The adjusted quartile ranking assesses health centers’ performance in clinical quality measures (CQMs) compared to other health centers with similar patient demographics and organizational characteristics. The CQM data come from the Uniform Data System (UDS), a standardized reporting system used to assess the impact and performance of the Health Center Program and promote data-driven quality improvement.
Adjusted quartile rankings differ from rankings based of actual (unadjusted) performance on specific measures and account on the following differences in health center characteristics:
- Percent of patients who are uninsured
- Percent of racial and/or ethnic minority patients
- Percent of patients experiencing homelessness
- Percent of patients who are migrant and/or seasonal farmworkers
- Electronic Heath Record (EHR) status
Clinical performance for each measure is ranked from quartile 1 (highest 25% of reporting health centers) to quartile 4 (lowest 25% of reporting health centers).
HRSA calculates these adjusted measures each year using the most currently available UDS data, so the thresholds between adjusted quartiles may not be consistent year-to-year, and HRSA is unable to calculate these values in advance. See the Health Center Adjusted Quartile Ranking Frequently Asked Questions for more information.
Note: Clinical quality measures (CQMs) with fewer than 30 patients that meet the measure criteria in the denominator are excluded.
Adjusted quartile rankings provide health centers with information on their relative performance compared to other health centers for each of the following CQMs reported in the UDS, after adjusting for certain health center characteristics (percent of uninsured, minority, homeless, and migrant and/or seasonal farmworker patients and EHR status):
- Early Entry into Prenatal Care
- Childhood Immunization Status
- Cervical Cancer Screening
- Breast Cancer Screening
- Weight Assessment and Counseling for Nutrition and Physical Activity for Children and Adolescents
- Body Mass Index (BMI) Screening and Follow-Up Plan (18 and Older)
- Tobacco Use: Screening and Cessation Intervention
- Statin Therapy for Prevention and Treatment of Cardiovascular Disease
- Ischemic Vascular Disease (IVD): Use of Aspirin or Another Antiplatelet
- Colorectal Cancer Screening
- HIV Linkage to Care
- HIV Screening
- Screening for Depression and Follow-Up Plan
- Depression Remission at Twelve Months
- Dental Sealants for Children 6-9 Years
- Low Birth Weight
- Controlling High Blood Pressure
- Diabetes: Hemoglobin A1c (HbA1c) Poor Control (˃9%)

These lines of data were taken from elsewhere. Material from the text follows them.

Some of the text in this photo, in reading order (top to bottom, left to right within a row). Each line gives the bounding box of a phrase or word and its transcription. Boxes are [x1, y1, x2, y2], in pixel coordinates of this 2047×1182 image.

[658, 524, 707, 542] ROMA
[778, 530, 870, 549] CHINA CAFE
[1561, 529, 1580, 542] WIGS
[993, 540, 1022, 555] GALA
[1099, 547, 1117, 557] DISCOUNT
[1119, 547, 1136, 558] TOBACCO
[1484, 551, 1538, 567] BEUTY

Note that EHR status is not relevant for the two measures on which all patients are reported: early entry into prenatal care and low birth weight. Adjusted rankings for these measures are based on the percent of patients who are uninsured, minority, and from special populations (homeless and migrant and seasonal farmworkers).
A health center should expect to see a higher ranking if performance is above what is predicted for a health center with similar characteristics based on these adjustments. Conversely, a health center should expect to see a lower ranking if performance is below what is predicted for a health center with similar characteristics.
Adjusted quartile rankings do not replace the actual performance rates for CQMs reported in the UDS. HRSA recommends that health centers use actual (unadjusted) performance rates for their own quality improvement efforts. HRSA also uses actual (unadjusted) performance rates to assess health center performance on CQMs over time. CQM values for all HRSA-funded health centers are available in the downloadable full datasets on the HRSA Electronic Reading Room page.
Reporting health centers will receive their own adjusted rankings. If a ranking is identified as an outlier, the affected health center will not receive the ranking for that measure. This outlier exclusion means that the adjusted quartile ranking is considered to be a statistical anomaly and has no negative implications because outliers and non-rankings do not allow for an adequately representative evaluation of health center performance. For example, outliers or non-rankings might occur due to a small sample size of 70 or fewer patients.
The adjusted quartile ranking process is reviewed annually.